Data extracted from a collection:
____
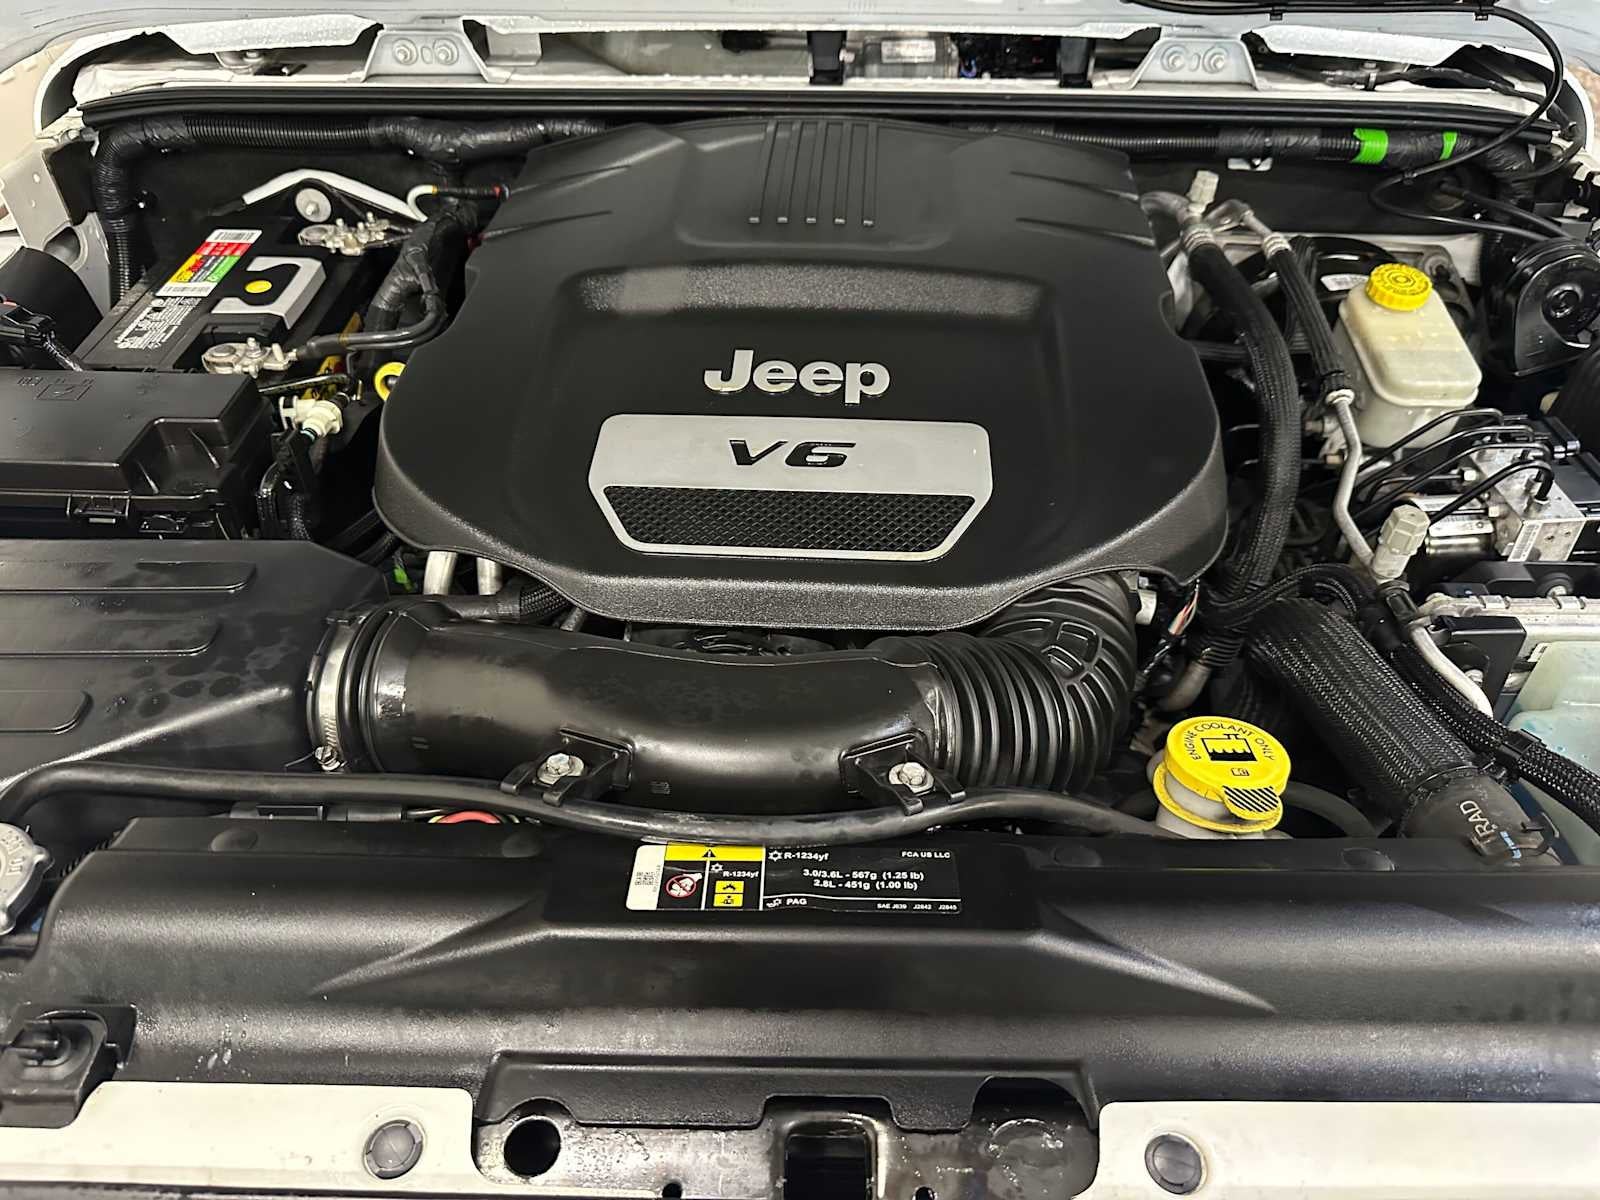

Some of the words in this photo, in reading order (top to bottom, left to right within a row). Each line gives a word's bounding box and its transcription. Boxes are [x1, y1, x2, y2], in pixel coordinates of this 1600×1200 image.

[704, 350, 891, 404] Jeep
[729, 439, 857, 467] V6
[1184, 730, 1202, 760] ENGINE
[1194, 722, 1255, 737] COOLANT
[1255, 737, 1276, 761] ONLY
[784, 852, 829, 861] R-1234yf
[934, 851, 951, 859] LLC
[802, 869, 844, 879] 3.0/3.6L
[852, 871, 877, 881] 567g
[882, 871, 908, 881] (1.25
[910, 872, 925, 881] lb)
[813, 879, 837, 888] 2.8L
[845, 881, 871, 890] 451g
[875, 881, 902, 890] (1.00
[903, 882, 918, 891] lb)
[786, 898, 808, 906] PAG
____
→ **Directions for this task**:
All of the data is to be transcribed exactly, with images omitted.

→ **Worked solution**:
Some of the words in this photo, in reading order (top to bottom, left to right within a row). Each line gives a word's bounding box and its transcription. Boxes are [x1, y1, x2, y2], in pixel coordinates of this 1600×1200 image.

[704, 350, 891, 404] Jeep
[729, 439, 857, 467] V6
[1184, 730, 1202, 760] ENGINE
[1194, 722, 1255, 737] COOLANT
[1255, 737, 1276, 761] ONLY
[784, 852, 829, 861] R-1234yf
[934, 851, 951, 859] LLC
[802, 869, 844, 879] 3.0/3.6L
[852, 871, 877, 881] 567g
[882, 871, 908, 881] (1.25
[910, 872, 925, 881] lb)
[813, 879, 837, 888] 2.8L
[845, 881, 871, 890] 451g
[875, 881, 902, 890] (1.00
[903, 882, 918, 891] lb)
[786, 898, 808, 906] PAG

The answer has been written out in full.